Subtile mélange entre
Charles Bukowski et
Montaigne, plus je lis
Rabelais et plus je visualise
Gérard Depardieu en toc de moine vidant ses tripes sur un parchemin.
Il y a des choses à apprendre parmi ces ordures, tout n'est pas à jeter, il faut juste avoir la patience de trier et un estomac d'acier. Par exemple, vous apprendrez que l'humanisme est né en même temps que l'invention de l'orgie-barbecue. En effet, l'étincelle qui a enflammé tous les grands esprits européens était couverte de fange à la naissance et avait pour cordon ombilical des viscères de porc entortillées en saucisson.

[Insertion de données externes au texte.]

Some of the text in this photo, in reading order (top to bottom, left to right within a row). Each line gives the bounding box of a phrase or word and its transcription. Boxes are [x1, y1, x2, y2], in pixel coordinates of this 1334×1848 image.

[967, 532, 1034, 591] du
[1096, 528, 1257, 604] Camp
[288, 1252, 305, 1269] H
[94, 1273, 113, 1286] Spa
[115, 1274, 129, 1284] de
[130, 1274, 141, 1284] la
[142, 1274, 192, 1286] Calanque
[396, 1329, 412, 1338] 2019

L'auteur badigeonne le cul des nobles, des clercs et des chevaliers avec du sang de mouton et procède à un véritable festin de fesses teintes pendant 200 pages. Un régal et une indigestion, de belles idées trainées dans la boue, de bonnes intentions enrobées d'injures,
Rabelais voulait simplement transmettre ses idées au peuple, à la multitude.

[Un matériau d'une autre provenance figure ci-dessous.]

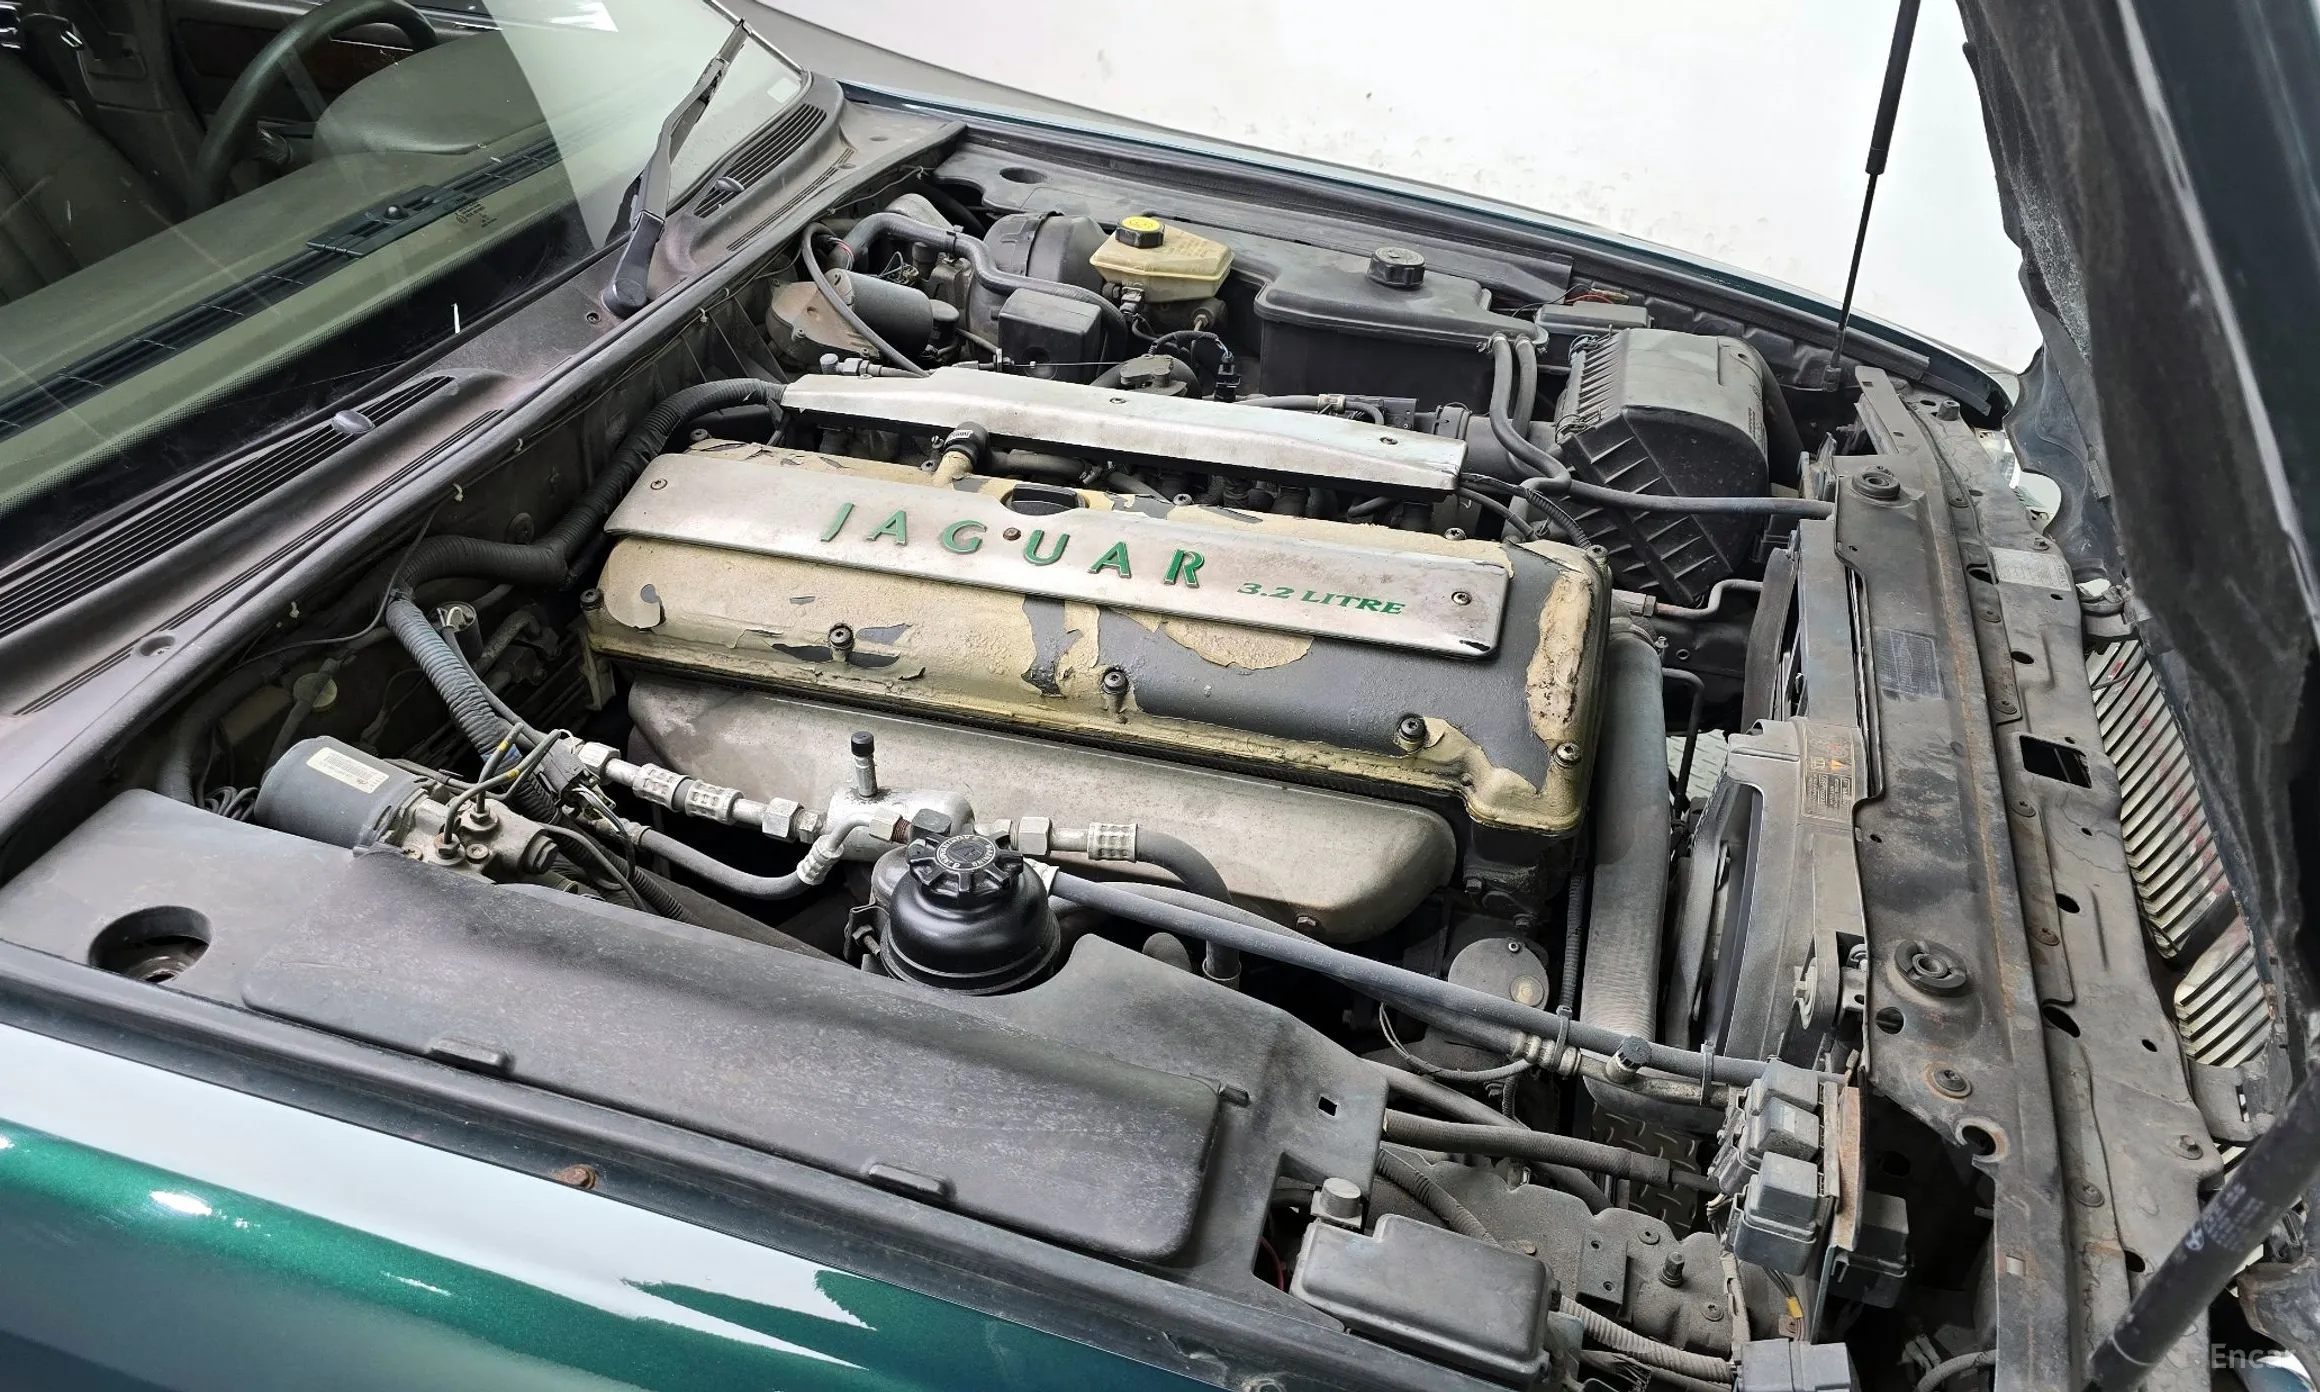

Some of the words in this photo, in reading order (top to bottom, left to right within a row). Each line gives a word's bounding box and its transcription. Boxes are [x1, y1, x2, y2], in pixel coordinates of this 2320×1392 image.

Or, trêve d'illusion, encore aujourd'hui, si l'on veut qu'un message passe partout, il faut taper dans le scandale, se souiller dans la vulgarité ou faire rire un bon coup. Raison pour laquelle le commun des mortels n'a pas lu
Proust et
Châteaubriand. Moi y compris d'ailleurs ! Je me réserve ce plaisir pour plus tard. Comme
Gargantua, je me conchie dans les lectures inutiles, je me nettoie les fondements de savoirs abrutissants avant de prendre l'Elebore d'Anticyre (sérum d'oubli) et de consacrer mon temps et mon attention à la voûte céleste et aux idées éternelles.
En prenant un peu de distance avec le récit, on observe presque la transition du Moyen-âge aux Lumières à l'échelle de l'oeuvre elle-même. Au début, le bon gros géant suit une éducation absurde et intoxicante. Puis, au fur et à mesure, il adopte un style de vie bien plus moderne qu'aujourd'hui. On apprend pour finir comment estoit le « manoir des Thelemites », un camp de vacance mixte un tantinet utopiste de bels gens, gentils et bien éduqués qui se tiennent par la main, s'instruisent sagement le jour et se promènent la nuit en jouant à touche-touche dans les arbres fruitiers, dans des habits sertis de rubis et diamants. Mais pour ne pas trop rentrer dans l'utopie,
Rabelais a prévu pour ses quelques privilégiés un hangar à côté du château rempli du personnel au service de ses jeunes mannequins.
Si vous ne le lisez pas pour les raisons ci-dessus, lisez-le au moins pour être capable d'insulter les gens en ancien français. Harry bourriquets !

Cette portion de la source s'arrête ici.